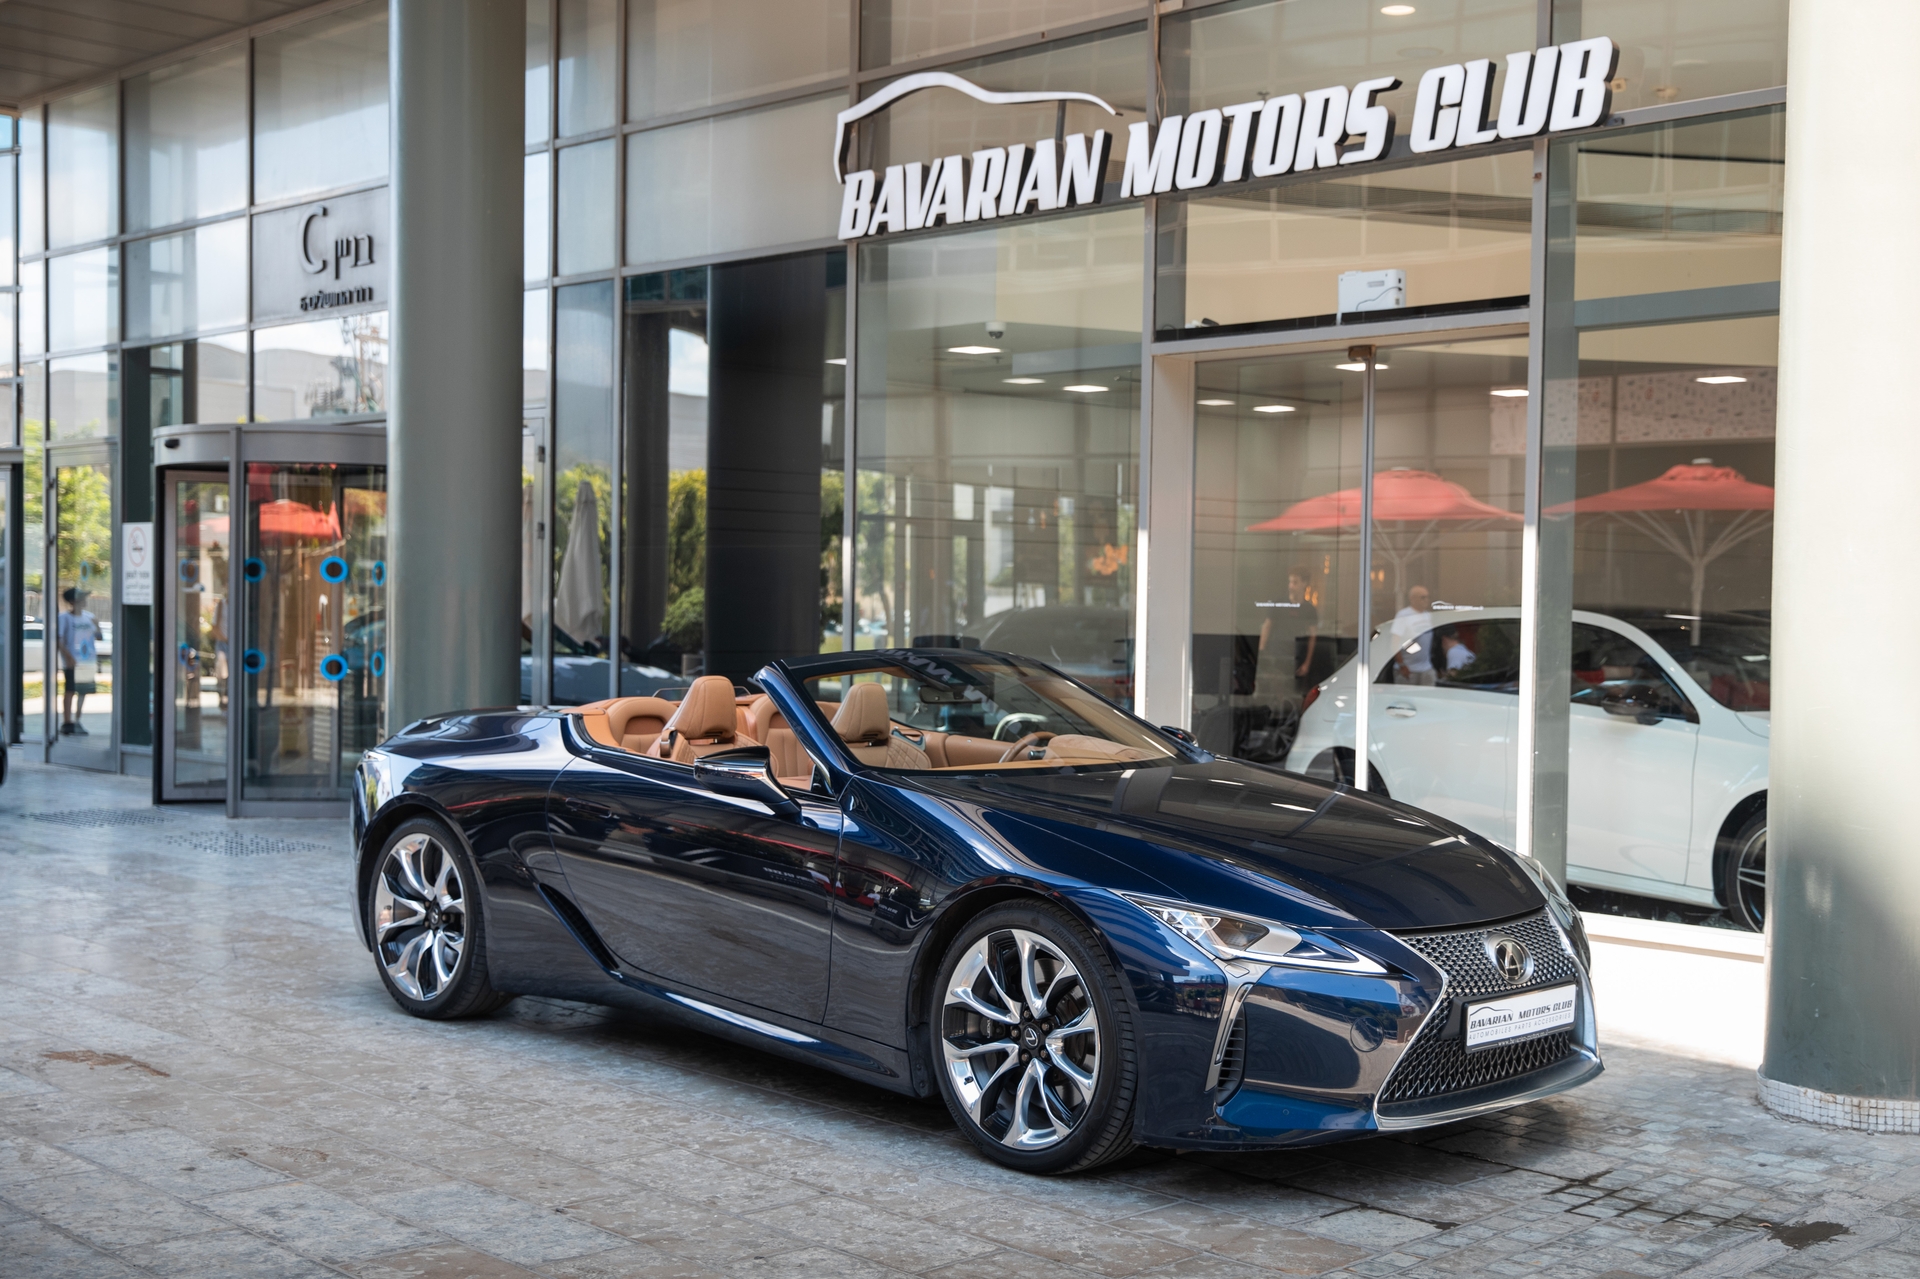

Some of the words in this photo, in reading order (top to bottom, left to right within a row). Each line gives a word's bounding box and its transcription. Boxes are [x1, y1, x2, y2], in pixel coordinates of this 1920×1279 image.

[838, 129, 1112, 241] BAVARIAN
[1120, 77, 1401, 199] MOTORS
[1409, 36, 1620, 154] CLUB
[299, 204, 328, 275] C
[1050, 924, 1095, 977] BRIDGESTONE
[1469, 1026, 1512, 1040] AUTOMOBILES
[1514, 1021, 1532, 1031] PARTS
[1534, 1013, 1571, 1026] ACCESSORIES
[1470, 1013, 1513, 1029] BAVARIAN
[1518, 1005, 1551, 1019] MOTORS
[1553, 1000, 1573, 1011] CLUB

• _Work item_:
Down to the last line, print the material exactly, but not its pictures.

• _Task output_:
Some of the words in this photo, in reading order (top to bottom, left to right within a row). Each line gives a word's bounding box and its transcription. Boxes are [x1, y1, x2, y2], in pixel coordinates of this 1920×1279 image.

[838, 129, 1112, 241] BAVARIAN
[1120, 77, 1401, 199] MOTORS
[1409, 36, 1620, 154] CLUB
[299, 204, 328, 275] C
[1050, 924, 1095, 977] BRIDGESTONE
[1469, 1026, 1512, 1040] AUTOMOBILES
[1514, 1021, 1532, 1031] PARTS
[1534, 1013, 1571, 1026] ACCESSORIES
[1470, 1013, 1513, 1029] BAVARIAN
[1518, 1005, 1551, 1019] MOTORS
[1553, 1000, 1573, 1011] CLUB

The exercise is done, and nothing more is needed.